**SUPPLIED DATA**

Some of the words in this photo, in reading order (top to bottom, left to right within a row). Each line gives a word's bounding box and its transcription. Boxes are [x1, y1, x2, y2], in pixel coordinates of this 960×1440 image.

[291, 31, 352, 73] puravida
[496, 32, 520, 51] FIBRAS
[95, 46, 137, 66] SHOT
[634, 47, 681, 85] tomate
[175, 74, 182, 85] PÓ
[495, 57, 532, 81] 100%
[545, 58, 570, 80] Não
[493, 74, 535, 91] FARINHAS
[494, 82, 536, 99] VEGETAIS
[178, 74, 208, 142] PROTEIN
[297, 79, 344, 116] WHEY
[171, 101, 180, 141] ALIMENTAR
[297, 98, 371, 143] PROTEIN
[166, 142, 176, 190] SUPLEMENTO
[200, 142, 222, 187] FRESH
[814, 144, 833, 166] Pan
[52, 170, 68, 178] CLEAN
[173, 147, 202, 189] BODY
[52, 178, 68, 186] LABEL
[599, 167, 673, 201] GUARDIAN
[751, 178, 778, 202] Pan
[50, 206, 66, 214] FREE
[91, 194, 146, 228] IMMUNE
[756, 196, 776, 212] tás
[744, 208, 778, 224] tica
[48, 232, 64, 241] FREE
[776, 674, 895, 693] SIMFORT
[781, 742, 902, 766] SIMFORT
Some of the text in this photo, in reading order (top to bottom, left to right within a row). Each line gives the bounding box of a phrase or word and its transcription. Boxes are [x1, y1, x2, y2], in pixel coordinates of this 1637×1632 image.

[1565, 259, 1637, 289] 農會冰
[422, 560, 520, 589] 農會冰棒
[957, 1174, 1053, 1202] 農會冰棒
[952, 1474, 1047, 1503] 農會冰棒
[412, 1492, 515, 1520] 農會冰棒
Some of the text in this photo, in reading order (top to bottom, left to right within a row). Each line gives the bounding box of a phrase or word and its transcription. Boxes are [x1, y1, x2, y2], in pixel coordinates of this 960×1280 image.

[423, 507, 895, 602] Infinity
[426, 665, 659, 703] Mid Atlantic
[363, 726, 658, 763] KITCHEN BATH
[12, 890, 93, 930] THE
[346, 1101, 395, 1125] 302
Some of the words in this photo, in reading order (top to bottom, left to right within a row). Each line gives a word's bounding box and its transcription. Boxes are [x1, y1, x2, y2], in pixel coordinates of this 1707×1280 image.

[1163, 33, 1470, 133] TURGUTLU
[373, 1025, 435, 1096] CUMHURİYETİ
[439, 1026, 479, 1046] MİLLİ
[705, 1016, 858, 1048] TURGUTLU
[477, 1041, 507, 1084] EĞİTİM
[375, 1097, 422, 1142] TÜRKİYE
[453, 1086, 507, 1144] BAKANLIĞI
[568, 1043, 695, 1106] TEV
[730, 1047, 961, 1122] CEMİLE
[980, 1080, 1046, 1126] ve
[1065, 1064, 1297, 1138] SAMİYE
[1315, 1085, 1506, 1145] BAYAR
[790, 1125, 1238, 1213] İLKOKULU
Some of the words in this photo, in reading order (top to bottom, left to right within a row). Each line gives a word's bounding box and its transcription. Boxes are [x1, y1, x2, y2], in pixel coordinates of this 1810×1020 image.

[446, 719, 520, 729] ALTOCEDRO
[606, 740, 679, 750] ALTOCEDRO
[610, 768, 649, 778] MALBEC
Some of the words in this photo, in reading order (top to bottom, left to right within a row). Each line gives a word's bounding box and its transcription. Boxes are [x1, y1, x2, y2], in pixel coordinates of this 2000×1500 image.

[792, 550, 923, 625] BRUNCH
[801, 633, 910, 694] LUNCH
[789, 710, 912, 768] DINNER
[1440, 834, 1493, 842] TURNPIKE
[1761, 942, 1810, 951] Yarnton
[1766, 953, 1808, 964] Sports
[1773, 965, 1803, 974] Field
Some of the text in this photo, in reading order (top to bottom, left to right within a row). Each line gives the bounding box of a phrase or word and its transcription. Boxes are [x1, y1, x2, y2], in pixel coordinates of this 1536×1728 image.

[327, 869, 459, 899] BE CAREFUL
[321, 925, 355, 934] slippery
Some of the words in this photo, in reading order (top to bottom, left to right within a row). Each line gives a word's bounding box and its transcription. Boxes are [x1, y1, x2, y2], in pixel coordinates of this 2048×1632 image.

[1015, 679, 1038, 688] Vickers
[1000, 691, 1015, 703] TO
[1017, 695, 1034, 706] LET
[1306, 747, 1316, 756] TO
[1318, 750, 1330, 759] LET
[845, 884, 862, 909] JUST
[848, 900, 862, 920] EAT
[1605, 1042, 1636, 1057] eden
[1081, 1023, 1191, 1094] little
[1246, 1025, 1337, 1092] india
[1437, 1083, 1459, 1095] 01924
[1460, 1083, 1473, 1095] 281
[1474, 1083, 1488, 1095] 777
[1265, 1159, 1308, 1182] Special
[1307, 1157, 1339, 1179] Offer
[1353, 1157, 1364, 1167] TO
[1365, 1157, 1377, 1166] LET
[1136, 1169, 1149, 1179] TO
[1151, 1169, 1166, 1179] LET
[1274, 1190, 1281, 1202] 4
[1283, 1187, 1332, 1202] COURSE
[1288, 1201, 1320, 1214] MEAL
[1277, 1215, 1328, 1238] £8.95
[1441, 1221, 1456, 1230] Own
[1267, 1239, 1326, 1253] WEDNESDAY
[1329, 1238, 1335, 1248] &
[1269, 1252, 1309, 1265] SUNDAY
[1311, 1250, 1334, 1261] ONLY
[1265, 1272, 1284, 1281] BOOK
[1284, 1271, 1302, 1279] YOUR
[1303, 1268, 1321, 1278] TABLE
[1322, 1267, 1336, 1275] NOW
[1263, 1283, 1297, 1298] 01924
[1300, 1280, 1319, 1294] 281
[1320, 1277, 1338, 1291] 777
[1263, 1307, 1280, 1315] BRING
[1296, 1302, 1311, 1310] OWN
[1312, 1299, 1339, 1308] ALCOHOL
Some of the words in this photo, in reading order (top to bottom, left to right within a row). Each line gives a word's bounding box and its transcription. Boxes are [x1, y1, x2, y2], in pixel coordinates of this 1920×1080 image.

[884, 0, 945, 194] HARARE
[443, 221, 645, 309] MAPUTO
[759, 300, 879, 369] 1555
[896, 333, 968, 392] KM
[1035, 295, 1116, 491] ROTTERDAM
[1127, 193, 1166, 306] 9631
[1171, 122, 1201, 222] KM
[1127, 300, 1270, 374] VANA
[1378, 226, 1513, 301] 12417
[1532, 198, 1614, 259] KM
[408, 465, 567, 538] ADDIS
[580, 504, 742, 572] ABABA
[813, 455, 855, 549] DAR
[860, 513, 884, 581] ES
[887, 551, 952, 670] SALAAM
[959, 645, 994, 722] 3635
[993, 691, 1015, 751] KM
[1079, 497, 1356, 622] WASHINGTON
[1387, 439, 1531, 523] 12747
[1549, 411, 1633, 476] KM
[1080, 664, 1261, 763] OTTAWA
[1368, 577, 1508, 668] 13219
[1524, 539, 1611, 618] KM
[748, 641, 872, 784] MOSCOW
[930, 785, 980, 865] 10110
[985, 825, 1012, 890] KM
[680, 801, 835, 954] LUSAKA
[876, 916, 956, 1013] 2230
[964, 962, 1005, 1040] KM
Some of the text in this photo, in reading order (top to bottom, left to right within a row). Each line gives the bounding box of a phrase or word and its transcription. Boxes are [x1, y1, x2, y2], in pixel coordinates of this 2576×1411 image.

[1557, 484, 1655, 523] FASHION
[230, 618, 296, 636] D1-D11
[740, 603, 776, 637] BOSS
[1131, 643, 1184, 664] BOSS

**ASSIGNMENT**
Your answer must consist of every line above, transcribed verbatim.

**ANSWER BOX**
Some of the words in this photo, in reading order (top to bottom, left to right within a row). Each line gives a word's bounding box and its transcription. Boxes are [x1, y1, x2, y2], in pixel coordinates of this 960×1440 image.

[291, 31, 352, 73] puravida
[496, 32, 520, 51] FIBRAS
[95, 46, 137, 66] SHOT
[634, 47, 681, 85] tomate
[175, 74, 182, 85] PÓ
[495, 57, 532, 81] 100%
[545, 58, 570, 80] Não
[493, 74, 535, 91] FARINHAS
[494, 82, 536, 99] VEGETAIS
[178, 74, 208, 142] PROTEIN
[297, 79, 344, 116] WHEY
[171, 101, 180, 141] ALIMENTAR
[297, 98, 371, 143] PROTEIN
[166, 142, 176, 190] SUPLEMENTO
[200, 142, 222, 187] FRESH
[814, 144, 833, 166] Pan
[52, 170, 68, 178] CLEAN
[173, 147, 202, 189] BODY
[52, 178, 68, 186] LABEL
[599, 167, 673, 201] GUARDIAN
[751, 178, 778, 202] Pan
[50, 206, 66, 214] FREE
[91, 194, 146, 228] IMMUNE
[756, 196, 776, 212] tás
[744, 208, 778, 224] tica
[48, 232, 64, 241] FREE
[776, 674, 895, 693] SIMFORT
[781, 742, 902, 766] SIMFORT
Some of the text in this photo, in reading order (top to bottom, left to right within a row). Each line gives the bounding box of a phrase or word and its transcription. Boxes are [x1, y1, x2, y2], in pixel coordinates of this 1637×1632 image.

[1565, 259, 1637, 289] 農會冰
[422, 560, 520, 589] 農會冰棒
[957, 1174, 1053, 1202] 農會冰棒
[952, 1474, 1047, 1503] 農會冰棒
[412, 1492, 515, 1520] 農會冰棒
Some of the text in this photo, in reading order (top to bottom, left to right within a row). Each line gives the bounding box of a phrase or word and its transcription. Boxes are [x1, y1, x2, y2], in pixel coordinates of this 960×1280 image.

[423, 507, 895, 602] Infinity
[426, 665, 659, 703] Mid Atlantic
[363, 726, 658, 763] KITCHEN BATH
[12, 890, 93, 930] THE
[346, 1101, 395, 1125] 302
Some of the words in this photo, in reading order (top to bottom, left to right within a row). Each line gives a word's bounding box and its transcription. Boxes are [x1, y1, x2, y2], in pixel coordinates of this 1707×1280 image.

[1163, 33, 1470, 133] TURGUTLU
[373, 1025, 435, 1096] CUMHURİYETİ
[439, 1026, 479, 1046] MİLLİ
[705, 1016, 858, 1048] TURGUTLU
[477, 1041, 507, 1084] EĞİTİM
[375, 1097, 422, 1142] TÜRKİYE
[453, 1086, 507, 1144] BAKANLIĞI
[568, 1043, 695, 1106] TEV
[730, 1047, 961, 1122] CEMİLE
[980, 1080, 1046, 1126] ve
[1065, 1064, 1297, 1138] SAMİYE
[1315, 1085, 1506, 1145] BAYAR
[790, 1125, 1238, 1213] İLKOKULU
Some of the words in this photo, in reading order (top to bottom, left to right within a row). Each line gives a word's bounding box and its transcription. Boxes are [x1, y1, x2, y2], in pixel coordinates of this 1810×1020 image.

[446, 719, 520, 729] ALTOCEDRO
[606, 740, 679, 750] ALTOCEDRO
[610, 768, 649, 778] MALBEC
Some of the words in this photo, in reading order (top to bottom, left to right within a row). Each line gives a word's bounding box and its transcription. Boxes are [x1, y1, x2, y2], in pixel coordinates of this 2000×1500 image.

[792, 550, 923, 625] BRUNCH
[801, 633, 910, 694] LUNCH
[789, 710, 912, 768] DINNER
[1440, 834, 1493, 842] TURNPIKE
[1761, 942, 1810, 951] Yarnton
[1766, 953, 1808, 964] Sports
[1773, 965, 1803, 974] Field
Some of the text in this photo, in reading order (top to bottom, left to right within a row). Each line gives the bounding box of a phrase or word and its transcription. Boxes are [x1, y1, x2, y2], in pixel coordinates of this 1536×1728 image.

[327, 869, 459, 899] BE CAREFUL
[321, 925, 355, 934] slippery
Some of the words in this photo, in reading order (top to bottom, left to right within a row). Each line gives a word's bounding box and its transcription. Boxes are [x1, y1, x2, y2], in pixel coordinates of this 2048×1632 image.

[1015, 679, 1038, 688] Vickers
[1000, 691, 1015, 703] TO
[1017, 695, 1034, 706] LET
[1306, 747, 1316, 756] TO
[1318, 750, 1330, 759] LET
[845, 884, 862, 909] JUST
[848, 900, 862, 920] EAT
[1605, 1042, 1636, 1057] eden
[1081, 1023, 1191, 1094] little
[1246, 1025, 1337, 1092] india
[1437, 1083, 1459, 1095] 01924
[1460, 1083, 1473, 1095] 281
[1474, 1083, 1488, 1095] 777
[1265, 1159, 1308, 1182] Special
[1307, 1157, 1339, 1179] Offer
[1353, 1157, 1364, 1167] TO
[1365, 1157, 1377, 1166] LET
[1136, 1169, 1149, 1179] TO
[1151, 1169, 1166, 1179] LET
[1274, 1190, 1281, 1202] 4
[1283, 1187, 1332, 1202] COURSE
[1288, 1201, 1320, 1214] MEAL
[1277, 1215, 1328, 1238] £8.95
[1441, 1221, 1456, 1230] Own
[1267, 1239, 1326, 1253] WEDNESDAY
[1329, 1238, 1335, 1248] &
[1269, 1252, 1309, 1265] SUNDAY
[1311, 1250, 1334, 1261] ONLY
[1265, 1272, 1284, 1281] BOOK
[1284, 1271, 1302, 1279] YOUR
[1303, 1268, 1321, 1278] TABLE
[1322, 1267, 1336, 1275] NOW
[1263, 1283, 1297, 1298] 01924
[1300, 1280, 1319, 1294] 281
[1320, 1277, 1338, 1291] 777
[1263, 1307, 1280, 1315] BRING
[1296, 1302, 1311, 1310] OWN
[1312, 1299, 1339, 1308] ALCOHOL
Some of the words in this photo, in reading order (top to bottom, left to right within a row). Each line gives a word's bounding box and its transcription. Boxes are [x1, y1, x2, y2], in pixel coordinates of this 1920×1080 image.

[884, 0, 945, 194] HARARE
[443, 221, 645, 309] MAPUTO
[759, 300, 879, 369] 1555
[896, 333, 968, 392] KM
[1035, 295, 1116, 491] ROTTERDAM
[1127, 193, 1166, 306] 9631
[1171, 122, 1201, 222] KM
[1127, 300, 1270, 374] VANA
[1378, 226, 1513, 301] 12417
[1532, 198, 1614, 259] KM
[408, 465, 567, 538] ADDIS
[580, 504, 742, 572] ABABA
[813, 455, 855, 549] DAR
[860, 513, 884, 581] ES
[887, 551, 952, 670] SALAAM
[959, 645, 994, 722] 3635
[993, 691, 1015, 751] KM
[1079, 497, 1356, 622] WASHINGTON
[1387, 439, 1531, 523] 12747
[1549, 411, 1633, 476] KM
[1080, 664, 1261, 763] OTTAWA
[1368, 577, 1508, 668] 13219
[1524, 539, 1611, 618] KM
[748, 641, 872, 784] MOSCOW
[930, 785, 980, 865] 10110
[985, 825, 1012, 890] KM
[680, 801, 835, 954] LUSAKA
[876, 916, 956, 1013] 2230
[964, 962, 1005, 1040] KM
Some of the text in this photo, in reading order (top to bottom, left to right within a row). Each line gives the bounding box of a phrase or word and its transcription. Boxes are [x1, y1, x2, y2], in pixel coordinates of this 2576×1411 image.

[1557, 484, 1655, 523] FASHION
[230, 618, 296, 636] D1-D11
[740, 603, 776, 637] BOSS
[1131, 643, 1184, 664] BOSS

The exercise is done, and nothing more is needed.